Don't let wholesome packaging fool your shopping cart
Don't trust the packaging. Words like whole grain, honey, and oats can make cereals seem healthier than they really are.
Compare varieties carefully. Even trusted brands can have flavored versions with significantly more added sugar than the original.
Read the Nutrition Facts label. Aim for cereals with 10 grams or less of added sugar, at least 3 grams of fiber, and as much protein as possible.
Words like "whole grain," "honey," "oats," and "protein" can make a cereal seem like a healthy way to start the day. But according to a recent roundup by Tasting Table, several cereals with wholesome-sounding names or healthy-looking packaging still contain surprisingly high amounts of added sugar.
The publication consulted registered dietitians to identify cereals they recommend limiting on your pantry shelf. Not just because of the sugar levels, but also because many are low in fiber and protein, making them less filling than consumers might expect.
Here are five cereals that may not be as healthy as their packaging suggests.
Cheerios Oat Crunch Oats 'N Honey
Original Cheerios has only one gram of sugar in 1.5 cups. This stuff packs a whopping 15 grams of sugar in just one cup. Yes, they shrunk the serving size on the box, otherwise 1.5 cups would have well over 20 grams of sugar.

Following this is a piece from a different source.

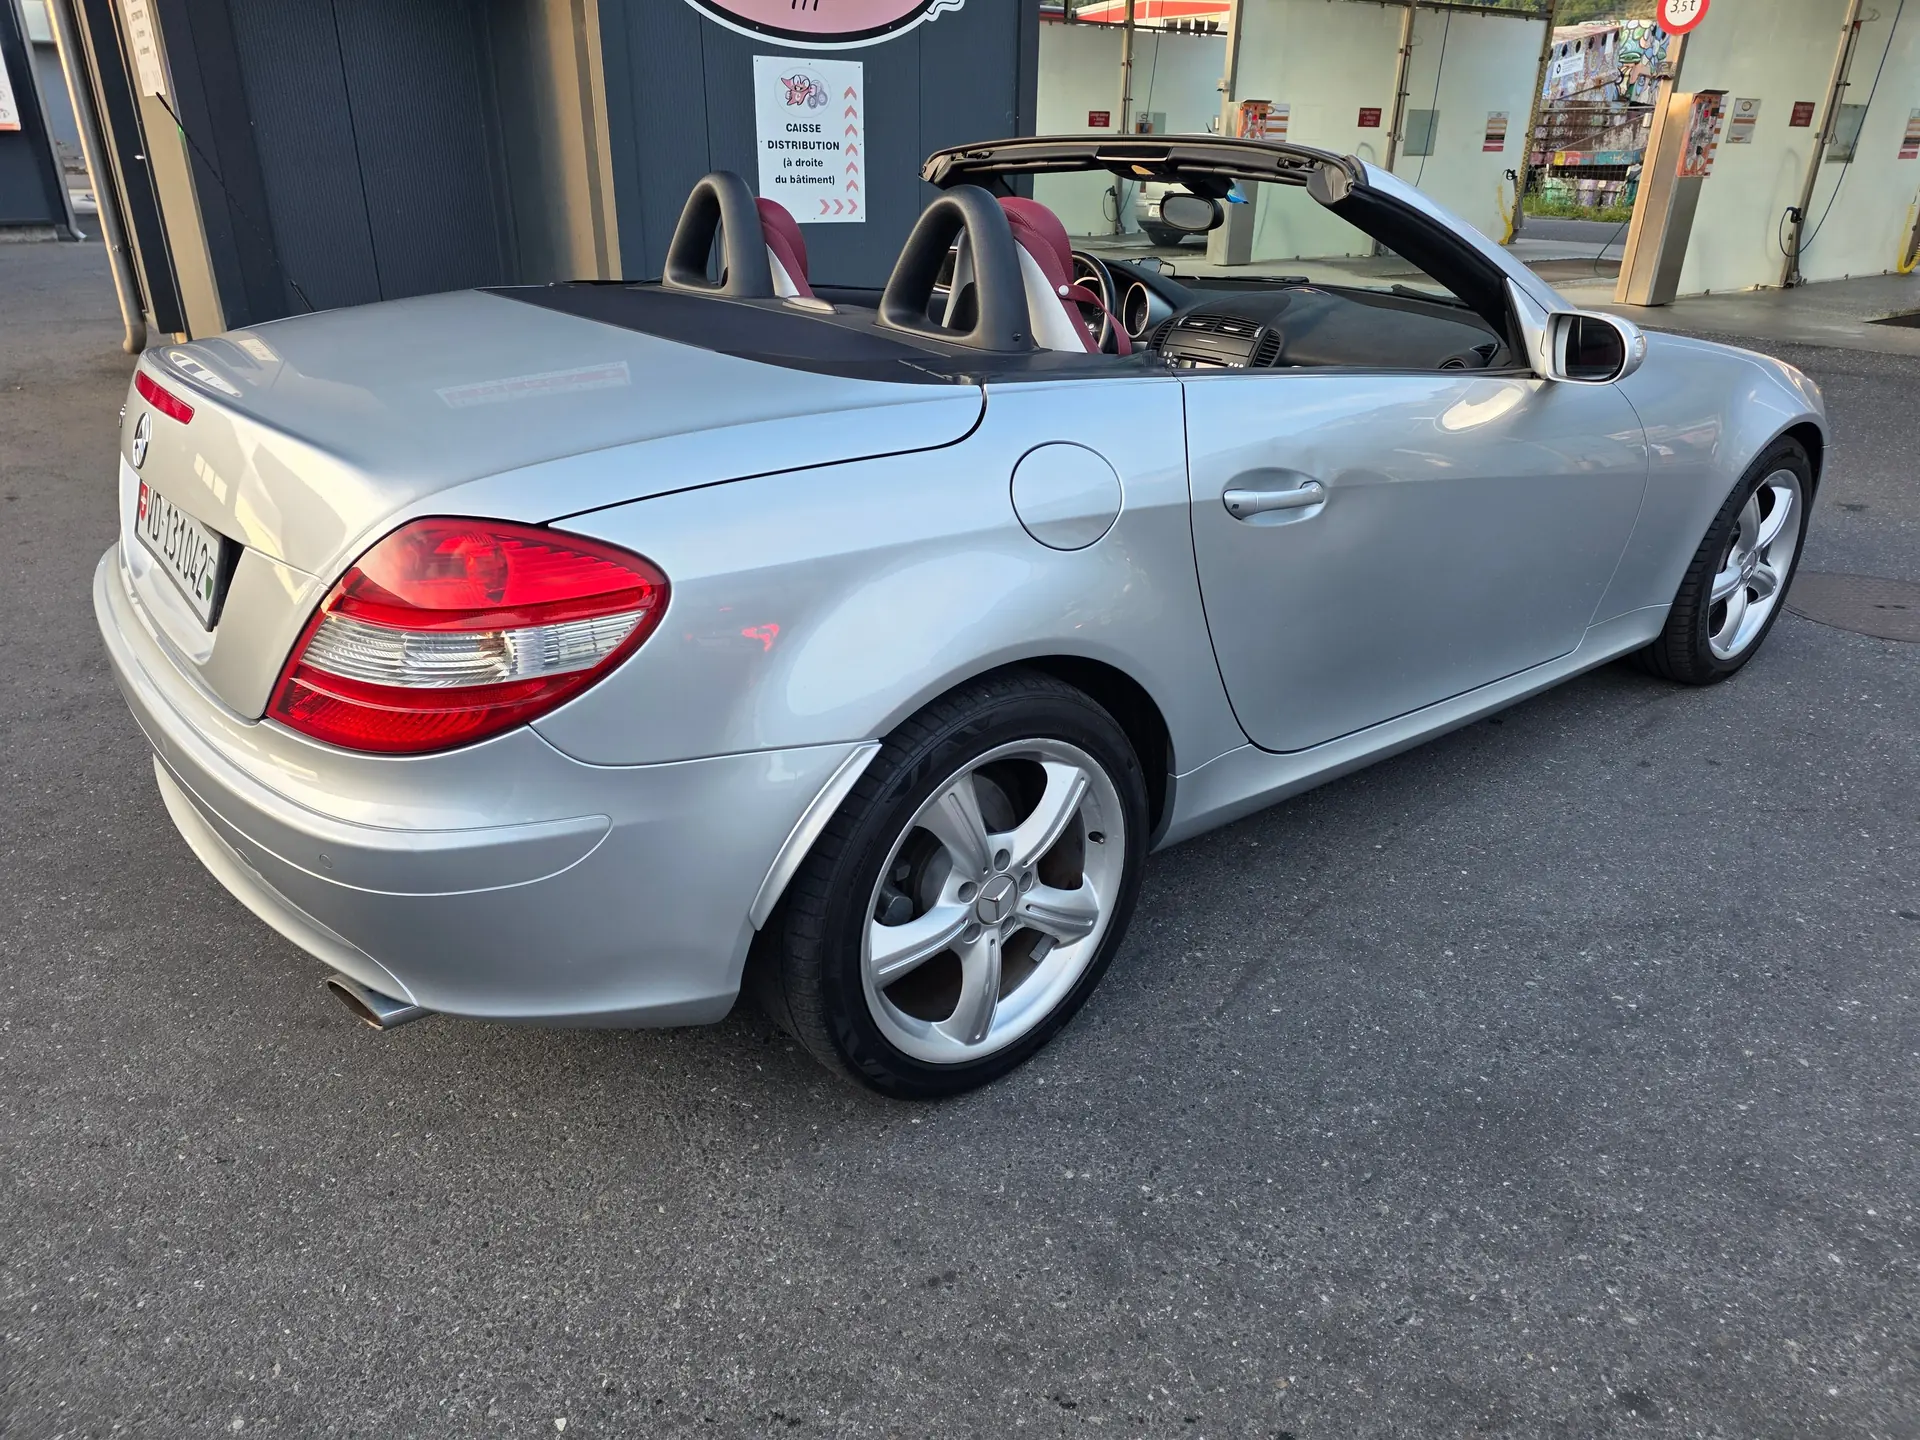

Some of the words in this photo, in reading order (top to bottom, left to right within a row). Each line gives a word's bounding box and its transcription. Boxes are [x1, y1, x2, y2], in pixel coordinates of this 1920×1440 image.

So, while the Cheerios name gives this cereal a healthy reputation, this version contains considerably more added sugar than Original Cheerios.
While oats and whole grains are part of the recipe, the added sweetness makes it less nutritious than many shoppers assume.

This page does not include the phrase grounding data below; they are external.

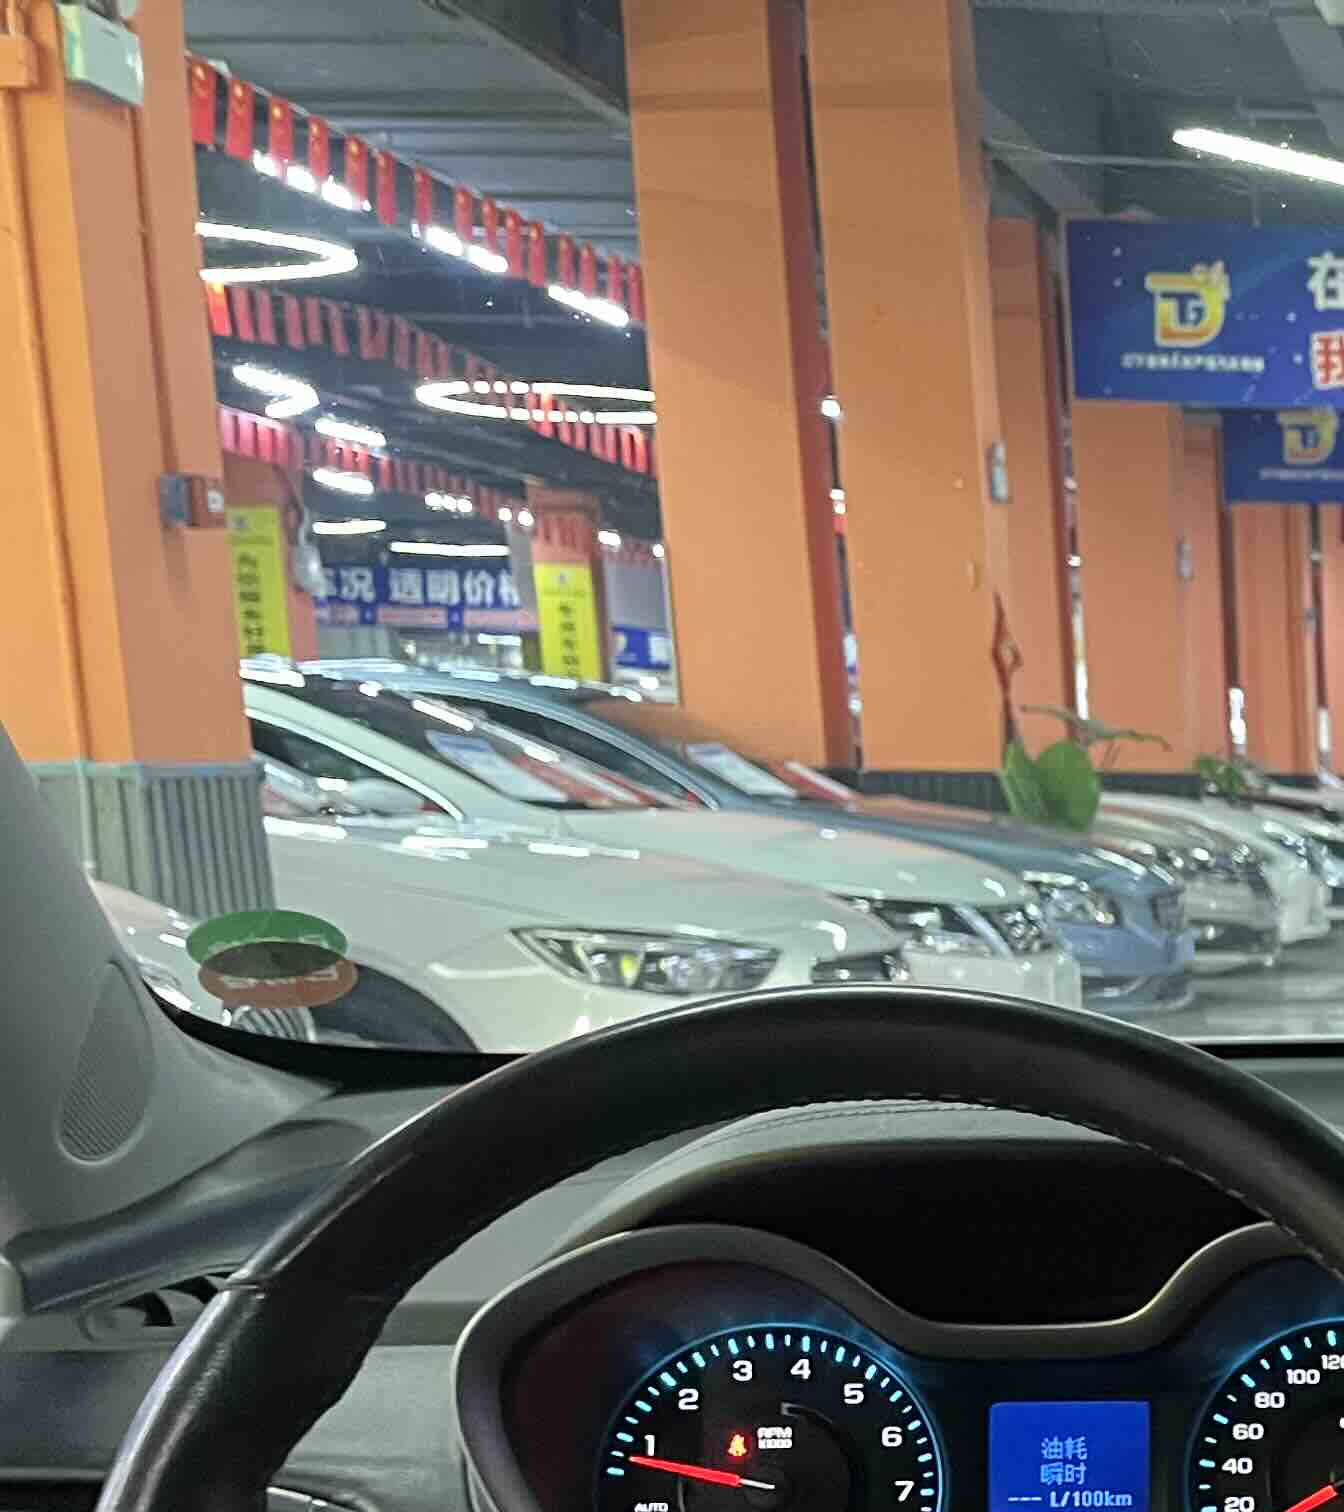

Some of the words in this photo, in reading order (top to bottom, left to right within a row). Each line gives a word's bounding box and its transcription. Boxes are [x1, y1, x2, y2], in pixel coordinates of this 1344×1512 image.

[733, 1361, 752, 1381] 3
[791, 1359, 811, 1379] 4
[1286, 1369, 1320, 1385] 100
[678, 1389, 699, 1410] 2
[844, 1383, 864, 1404] 5
[1254, 1392, 1285, 1409] 80
[881, 1427, 902, 1447] 6
[1232, 1423, 1264, 1440] 60
[645, 1435, 655, 1456] 1
[1041, 1435, 1088, 1460] 油耗
[1040, 1461, 1087, 1485] 瞬时
[1222, 1457, 1253, 1475] 40
[895, 1481, 914, 1502] 7
[1049, 1490, 1133, 1508] L/100km
[634, 1502, 668, 1512] AUTO

If you like Cheerios, be sure to compare the Nutrition Facts labels, as there are now many varieties available. I have yet to find a variety that has sugar levels as low as the original.
Special K Chocolatey Delights
For years, Special K has been marketed as a better-for-you cereal, but the chocolate variety tells a different story.

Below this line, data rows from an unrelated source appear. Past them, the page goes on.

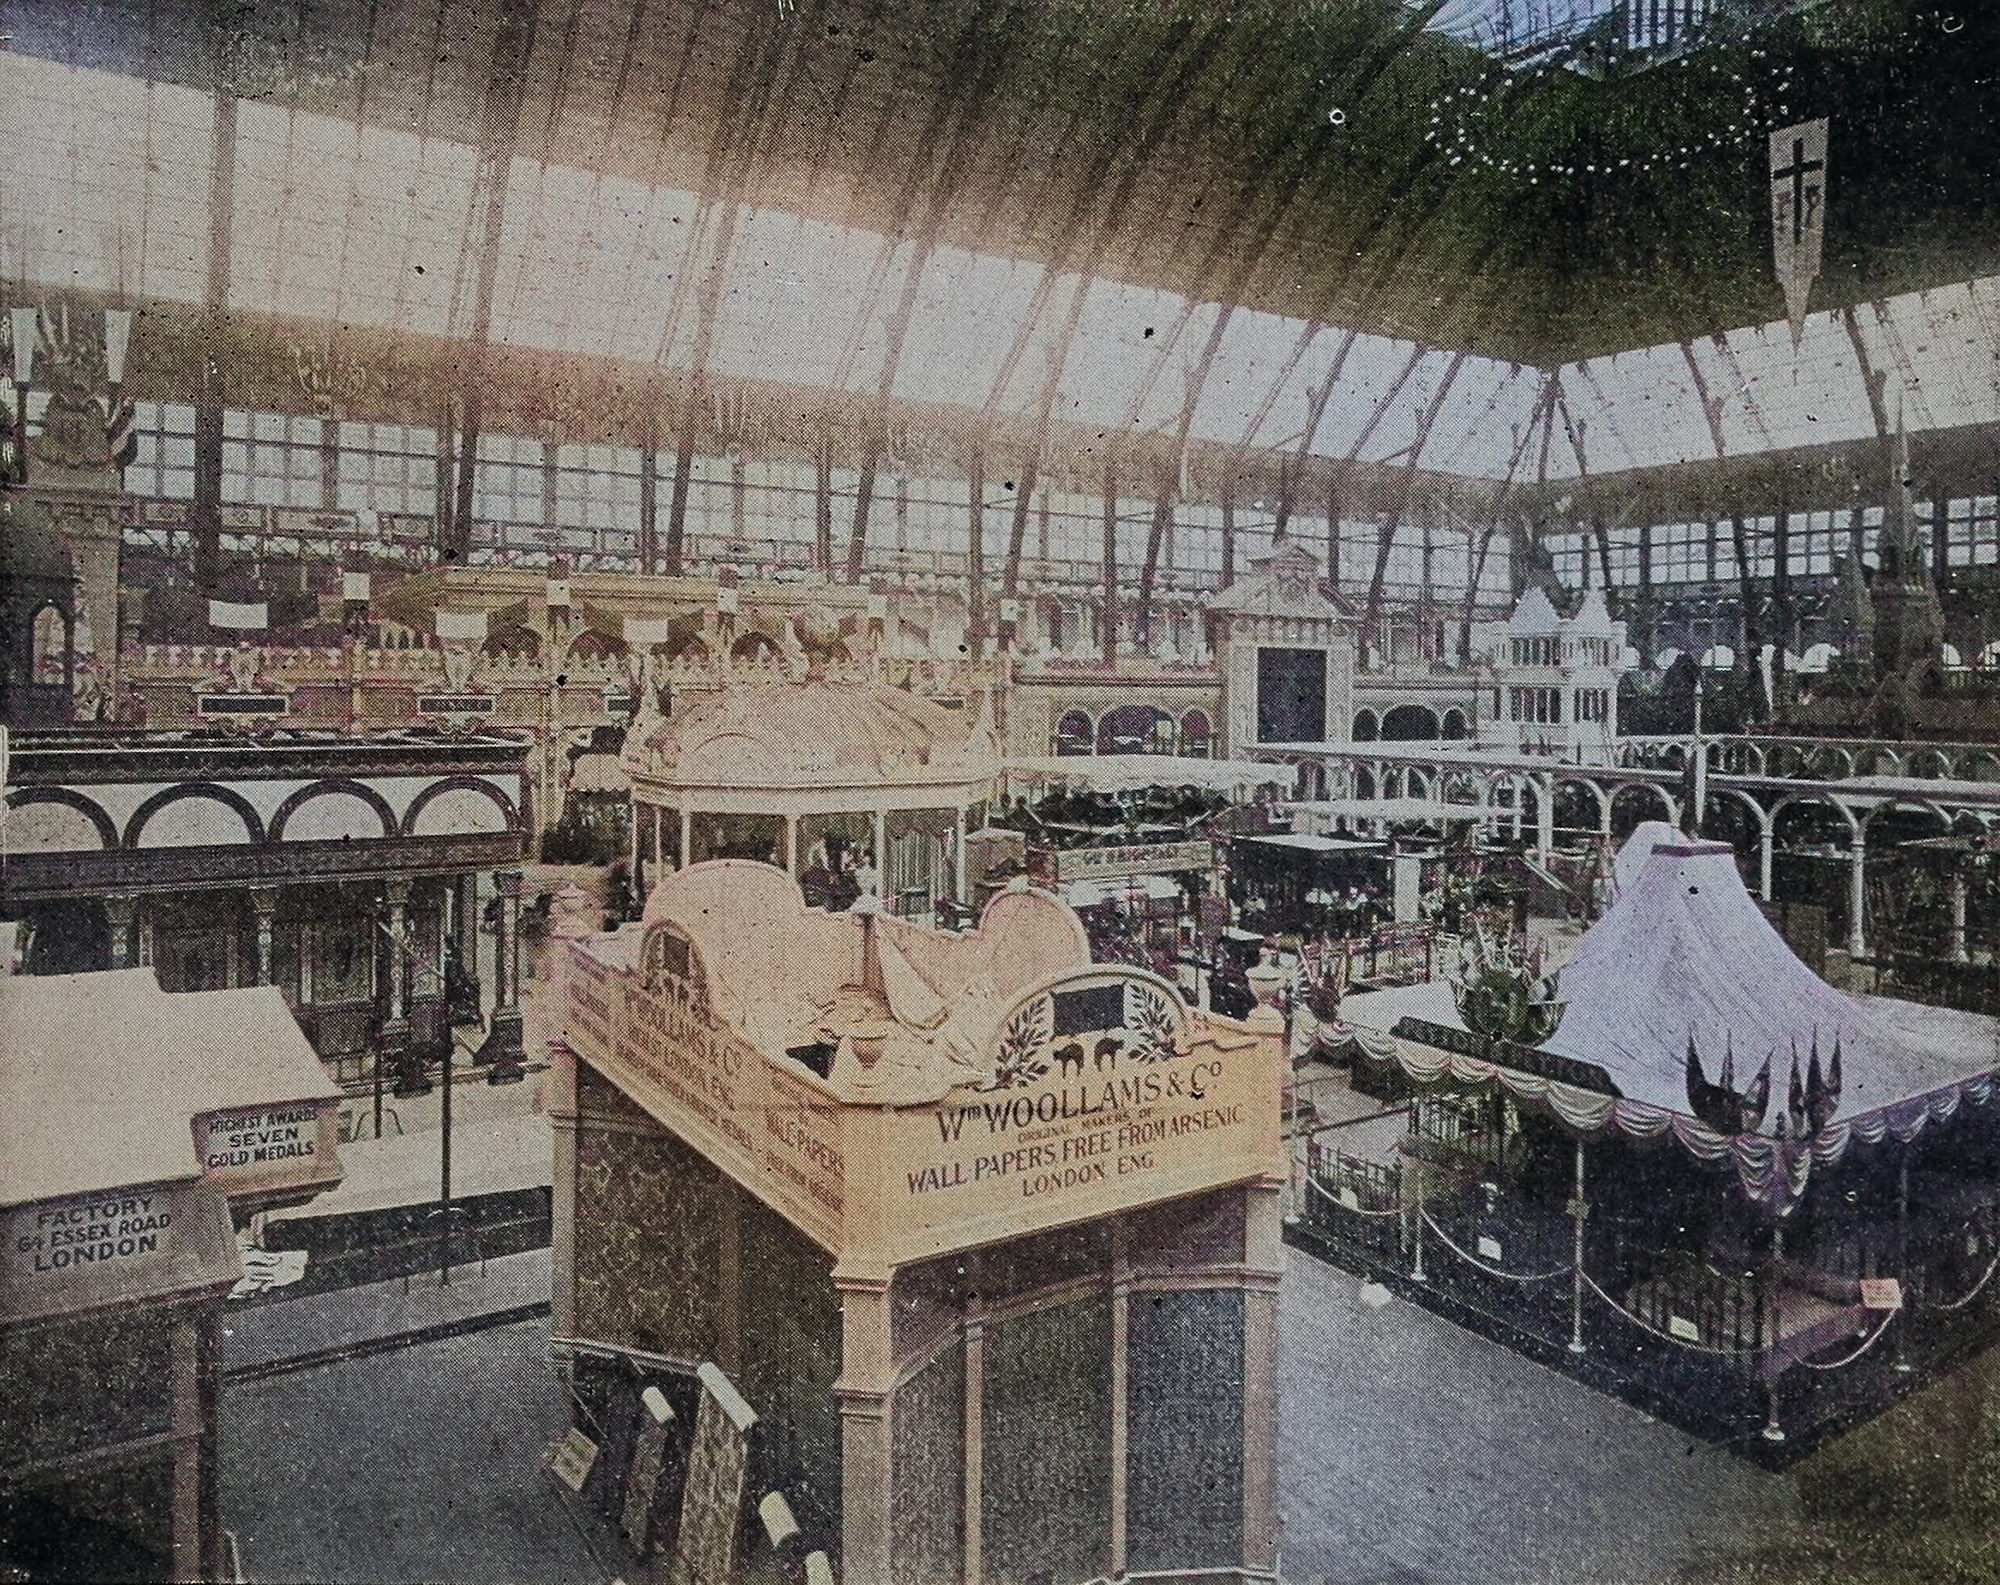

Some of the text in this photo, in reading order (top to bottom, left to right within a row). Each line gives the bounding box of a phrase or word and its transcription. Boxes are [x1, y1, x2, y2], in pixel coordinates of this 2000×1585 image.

[984, 1071, 1162, 1133] WOOLLAMS
[1167, 1071, 1185, 1098] &
[228, 1126, 299, 1148] SEVEN
[1063, 1130, 1113, 1162] FREE
[1118, 1118, 1165, 1149] FROM
[1169, 1103, 1246, 1138] ARSENIC
[207, 1139, 315, 1168] GOLD MEDALS
[1022, 1151, 1155, 1197] LONDON ENG
[37, 1195, 153, 1229] FACTORY
[51, 1223, 112, 1248] ESSEX
[118, 1213, 171, 1236] ROAD
[34, 1233, 157, 1272] LONDON

Dietitians point to its added sugar (12 grams per cup) and refined ingredients, saying it's closer to a sweet snack than a balanced breakfast.
Don't assume every cereal in a healthy brand lineup is equally nutritious. Flavored varieties often contain much more sugar than the original.
Honey Ohs
With words like "Honey" and images of golden cereal pieces, Honey Ohs looks like a fairly wholesome breakfast option.
Nutritionists say the reality is different, citing multiple added sweeteners (18 grams of sugar per cup) and relatively little fiber to balance them out. It actually has more sugar than the Oreos cereal.
Shopping tip: Ignore buzzwords on the front of the box and check the "Added Sugars" line on the Nutrition Facts panel.
Honey Smacks
Whole-grain wheat is the first ingredient, but it's quickly followed by several forms of added sugar.
Nutritionists say a single serving contains about 18 grams of added sugar, making it one of the sweeter cereals in the aisle.
Shopping tip: A cereal can contain whole grains and still be high in sugar. Thats why its so important to look at the full nutrition label before assuming it's a healthy choice.
Apple Jacks
The name and colorful apples on the box may suggest fruit, but experts note that the cereal gets its apple flavor primarily from added flavorings rather than real fruit.
Combined with its sugar content (13 grams of sugar per cup), it's another example of marketing creating a "health halo."
Shopping tip: Pictures of fruit don't necessarily mean a cereal contains meaningful amounts of fruit. Especially when fruit is spelled froot.
The cereals that probably won't surprise you
Nutritionists also included several cereals that most shoppers already recognize as treats rather than health foods, including:
Golden Crisp
Cap'n Crunch's Crunch Berries
Marshmallow Fruity Pebbles
Oreo Puffs
Krave Double Chocolate Brownie Batter
Shop smarter in the cereal aisle
Rather than judging a cereal by its front label, flip the box over and read the Nutrition Facts panel.
Nutrition experts generally recommend choosing cereals with 10 grams or less of added sugar, at least three grams of fiber, and as much protein as possible. Pairing cereal with Greek yogurt, nuts, or fresh fruit can also create a more balanced breakfast.